My godsister's houseguest made salmon and shrimp with okra and peppers. Heroes was halfway decent. I'm sad about the fact that I won't see my family for Turkey Day and that my sister will turn 15 without me. A blog reader on Facebook tells me to hang in there. I appreciate the words. God is good.

To think that I woke up yesterday morning full of doom and gloom, a little engine that could stalled out from doubt. But God spoke to me through a friend who said to only worry about the immediate task at hand. The beauty of the future is that you can always deal with it later.

Friday, November 20, 2009

Commando


A year ago today I found myself surrounded my entire family. I had my parents, my sisters, uncles, Grandma and even my Cousin Cordelia from down the country. There were crab legs and cake and wine and gin. We laughed and smiled and felt the energy of being as one. That hadn't happened in a long time. I thought that it was really something special. I had no idea of how true that was.

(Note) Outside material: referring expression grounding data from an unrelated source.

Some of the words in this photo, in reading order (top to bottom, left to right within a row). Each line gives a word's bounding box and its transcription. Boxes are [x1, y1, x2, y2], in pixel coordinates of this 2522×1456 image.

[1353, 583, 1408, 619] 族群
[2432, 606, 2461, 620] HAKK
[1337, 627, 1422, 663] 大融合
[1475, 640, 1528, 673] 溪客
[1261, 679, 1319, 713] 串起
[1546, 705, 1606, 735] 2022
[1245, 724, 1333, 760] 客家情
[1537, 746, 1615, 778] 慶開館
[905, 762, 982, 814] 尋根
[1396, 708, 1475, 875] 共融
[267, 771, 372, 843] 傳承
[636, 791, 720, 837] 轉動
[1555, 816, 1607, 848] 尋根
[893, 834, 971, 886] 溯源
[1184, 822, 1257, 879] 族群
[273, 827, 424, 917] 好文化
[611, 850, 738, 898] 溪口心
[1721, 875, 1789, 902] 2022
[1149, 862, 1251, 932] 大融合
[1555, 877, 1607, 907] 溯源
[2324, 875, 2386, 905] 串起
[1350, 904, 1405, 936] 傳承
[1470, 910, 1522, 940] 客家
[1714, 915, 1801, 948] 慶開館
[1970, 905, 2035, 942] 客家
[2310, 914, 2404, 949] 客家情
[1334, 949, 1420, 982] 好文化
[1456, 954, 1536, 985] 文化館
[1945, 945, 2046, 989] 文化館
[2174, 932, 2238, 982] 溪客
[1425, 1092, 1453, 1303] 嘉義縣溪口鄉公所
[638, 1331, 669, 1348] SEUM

All through a hellish 33 I found myself clinging to that first night of my year, as the many things said and done there were the ledges I held onto when it felt like I was sure to fall. I thought it was going to be another case of blowing into town and making things happen fast. And they did. But fast in LA equates to a lifetime of New York minutes.

Here nobody says what they mean and the money comes last. Here intelligence is valued as much as a hump in the spine. Yet and still I stayed the course. There may not have been platinum but I've formed some precious friendships, folks who will help me get to where I need to go. It took me almost a year but I'm writing this blog from my own bedroom, through the creature comfort of wireless is only there to help me get this job done.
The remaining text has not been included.